▶ _EXERCISE DATA_:
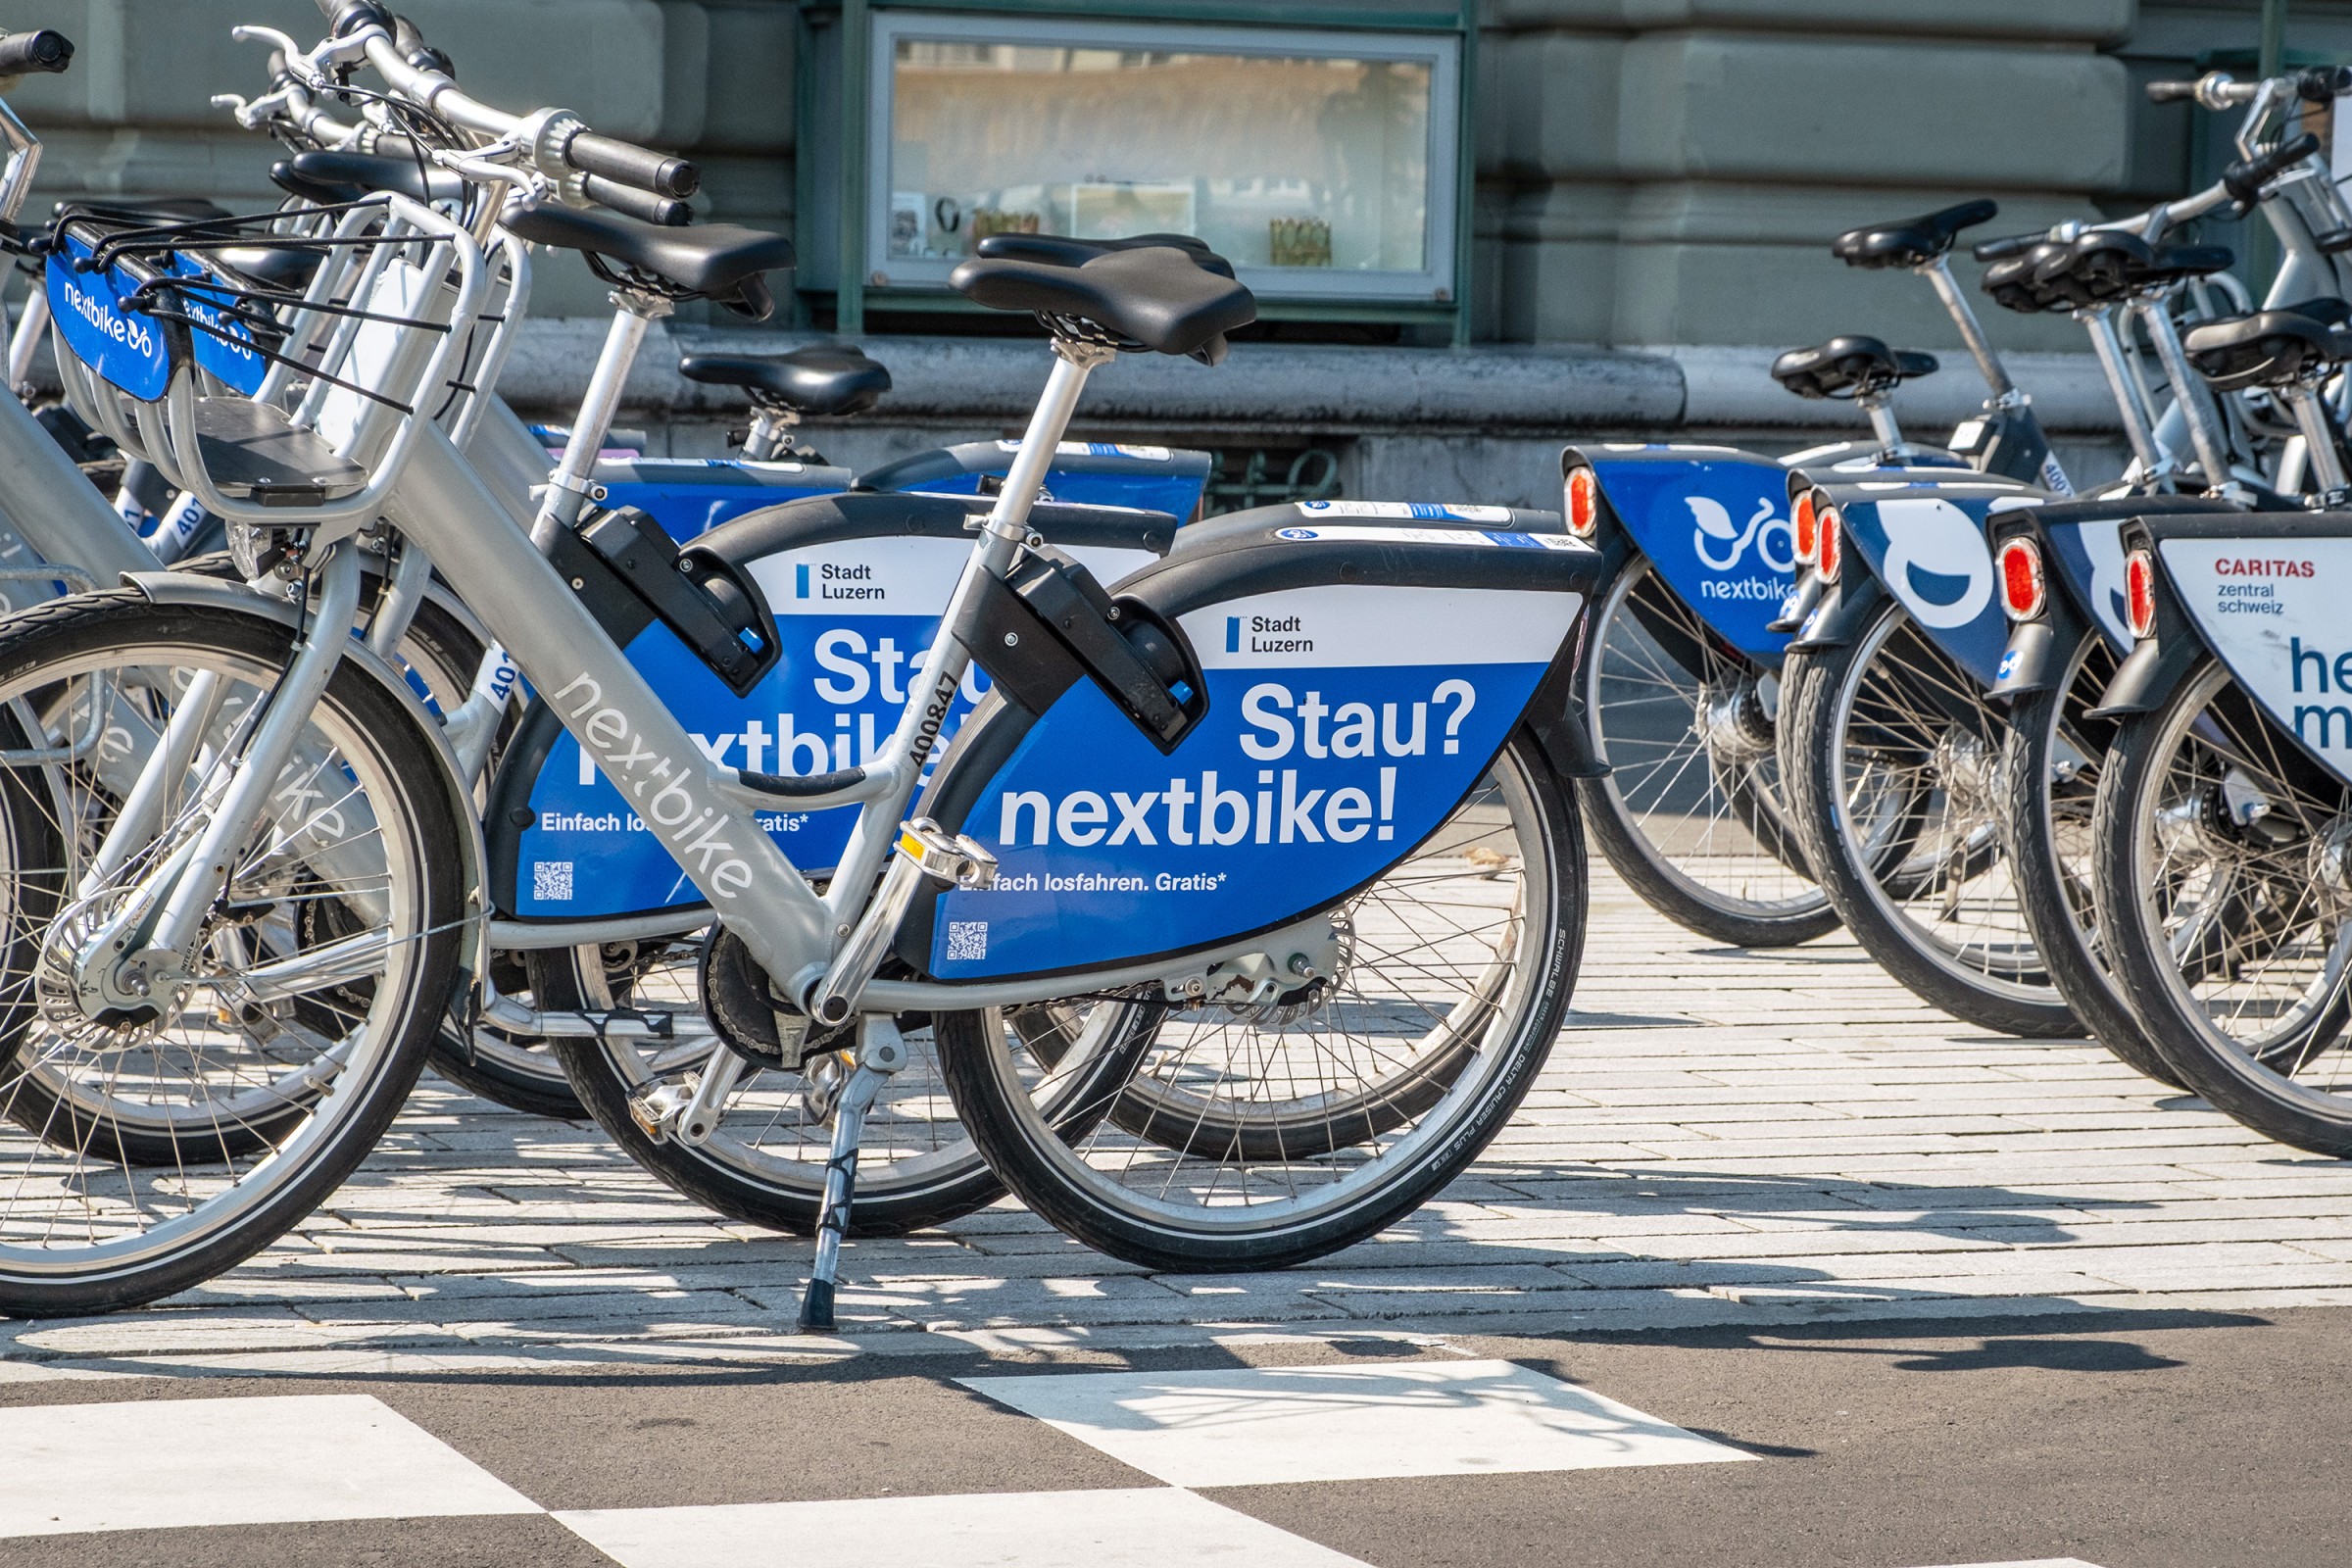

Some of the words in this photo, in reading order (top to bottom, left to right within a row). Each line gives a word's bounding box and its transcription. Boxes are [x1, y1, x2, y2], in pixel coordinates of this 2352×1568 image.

[65, 281, 125, 342] nextbike
[821, 564, 871, 580] Stadt
[2215, 558, 2316, 578] CARITAS
[822, 583, 885, 600] Luzern
[2218, 583, 2275, 598] zentral
[2218, 599, 2284, 615] schweiz
[1251, 615, 1301, 633] Stadt
[1251, 636, 1314, 653] Luzern
[909, 670, 958, 767] 400847
[1239, 678, 1477, 761] Stau?
[554, 671, 754, 899] nextbike
[998, 765, 1397, 847] nextbike!
[542, 812, 620, 832] Einfach
[1045, 871, 1150, 892] losfahren.
[1545, 928, 1566, 999] SCHWALBE
[1505, 1054, 1526, 1086] DELTA
[1475, 1085, 1507, 1127] CRUISER
[1453, 1125, 1476, 1152] PLUS

▶ _YOUR GOAL_: In the copy, keep every line of the data above exactly and drop each picture.

▶ _TASK ANSWER_:
Some of the words in this photo, in reading order (top to bottom, left to right within a row). Each line gives a word's bounding box and its transcription. Boxes are [x1, y1, x2, y2], in pixel coordinates of this 2352×1568 image.

[65, 281, 125, 342] nextbike
[821, 564, 871, 580] Stadt
[2215, 558, 2316, 578] CARITAS
[822, 583, 885, 600] Luzern
[2218, 583, 2275, 598] zentral
[2218, 599, 2284, 615] schweiz
[1251, 615, 1301, 633] Stadt
[1251, 636, 1314, 653] Luzern
[909, 670, 958, 767] 400847
[1239, 678, 1477, 761] Stau?
[554, 671, 754, 899] nextbike
[998, 765, 1397, 847] nextbike!
[542, 812, 620, 832] Einfach
[1045, 871, 1150, 892] losfahren.
[1545, 928, 1566, 999] SCHWALBE
[1505, 1054, 1526, 1086] DELTA
[1475, 1085, 1507, 1127] CRUISER
[1453, 1125, 1476, 1152] PLUS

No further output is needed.